I formulated the single-vehicle charging problem as a finite-horizon Markov Decision Process and solved it exactly by backward induction to obtain the cost-optimal policy, minimizing expected future cost CtC_t at every state ss and time tt over the charging action uu:

Jt(s)=minuU[Ct(s,u)+sPt(ss,u)Jt+1(s)]J_t(s) = \min_{u \in \mathcal{U}} \left[ C_t(s,u) + \sum_{s'} P_t(s' \mid s, u)\, J_{t+1}(s') \right]

That policy is not something you would run online, since it needs the full model and a heavy offline computation, so I used it purely as a reference. Against it I benchmarked seven heuristic rules that require no offline computation, computing the exact expected cost of each by policy evaluation on the same MDP.

Heatmaps of charging rate by hour of day and battery level, for the optimal policy and seven heuristics
Charging rate by hour and battery level. The optimal policy and the Departure Urgency heuristic (top row) share the same shape — charging swells ahead of each commute peak and the charge-or-wait line rises as departure nears. The simpler rules below only ever capture one side of that pattern.

The central finding is that a computation-free rule can come close to the optimum, but only if it reasons over the right signals: the electricity price, the battery state of charge, and the time to the next departure. My best heuristic, Departure Urgency, folds all three into a single ratio comparing the energy still needed against the time left to the next expected departure τ(m)\tau(m):

ρt=min{1,etgtetumaxηcωτ(m)}\rho_t = \min\left\{1, \frac{e^{\text{tgt}} - e_t}{u_{\max}\,\eta_c\,\omega\,\tau(m)}\right\}

It charges whenever the price is cheap relative to ρt\rho_t, and reaches the optimum to within about 67% in the baseline while reproducing its structure: front-loading charge ahead of likely trips and treating price only as a secondary signal. This is essentially a systematic version of "charge before trips, prefer cheap hours". Rules that track only one side of the trade-off, or follow a fixed schedule, are worse by one to several orders of magnitude.

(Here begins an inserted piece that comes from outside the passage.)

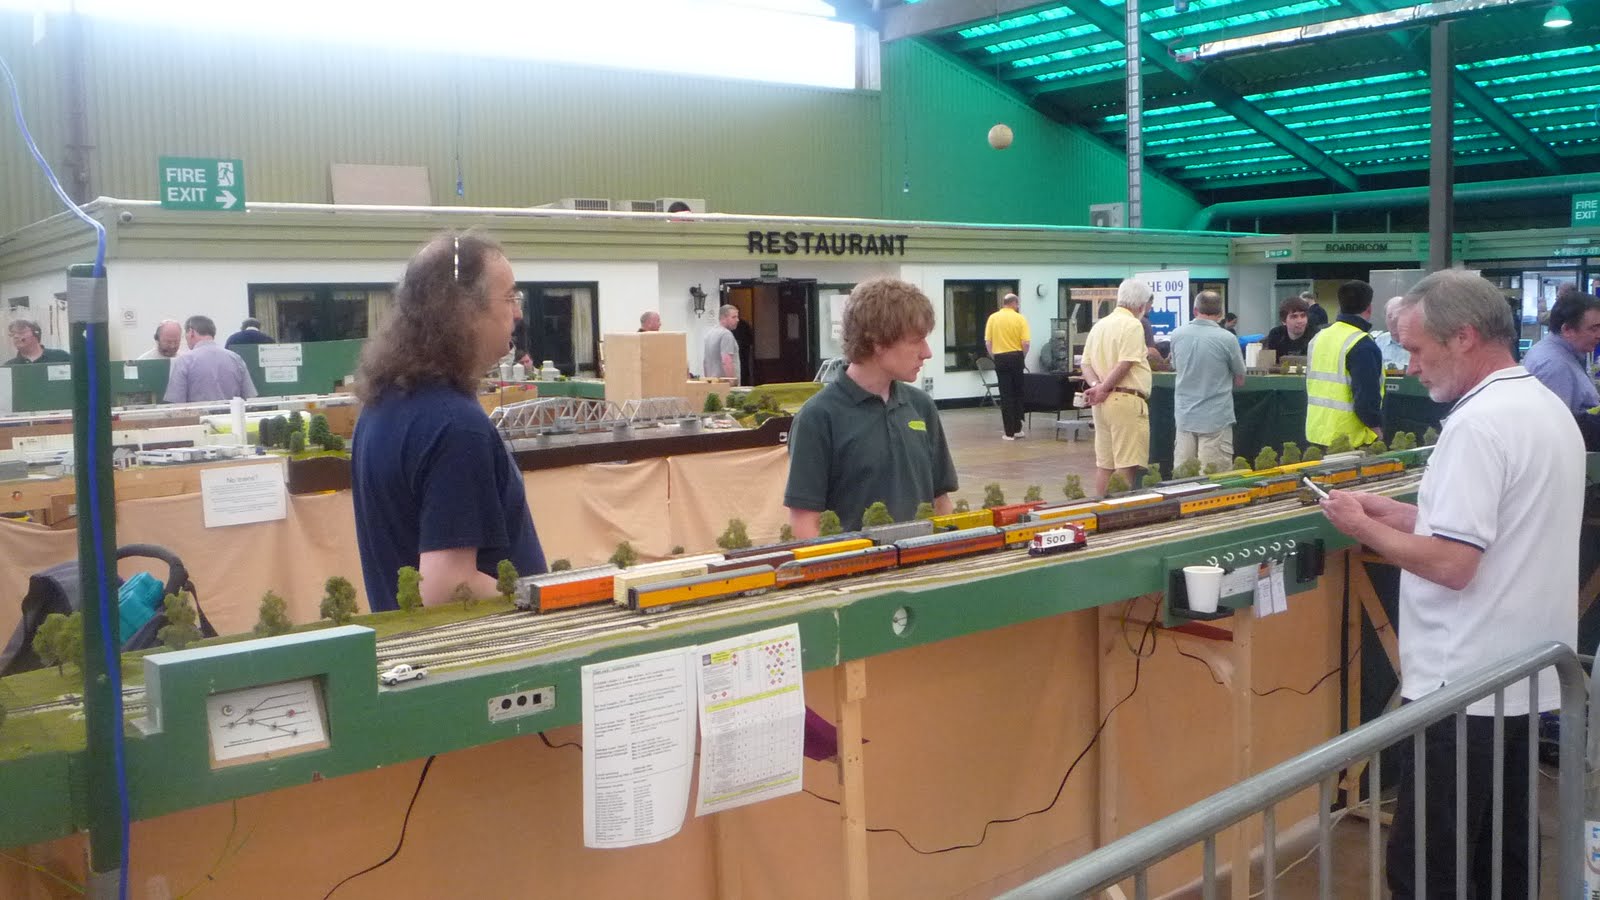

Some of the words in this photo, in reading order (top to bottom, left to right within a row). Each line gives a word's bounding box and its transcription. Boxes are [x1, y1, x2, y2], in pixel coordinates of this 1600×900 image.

Bar chart of expected total cost for the optimal policy and seven heuristic policies, log scale
Expected total cost per policy (log scale), split into charging cost (solid) and unserved-demand penalty (hatched). The urgency rules sit closest to the optimum; rules that under-charge are dominated by the penalty.

To test how far this holds, I added a negative-binomial trip-duration model for more realistic trips and a set of electricity-price models estimated from historical ENTSO-E data, then ran a sensitivity study across 28 configurations. The ranking is robust: Departure Urgency is the best heuristic in 22 of them, and the parameters that matter most are the penalty for unserved demand, the trip-duration model, and the departure profile. The takeaway is that for this model, a cheap online rule reasoning over price, charge, and time to the next departure captures much of what the exact optimal policy achieves.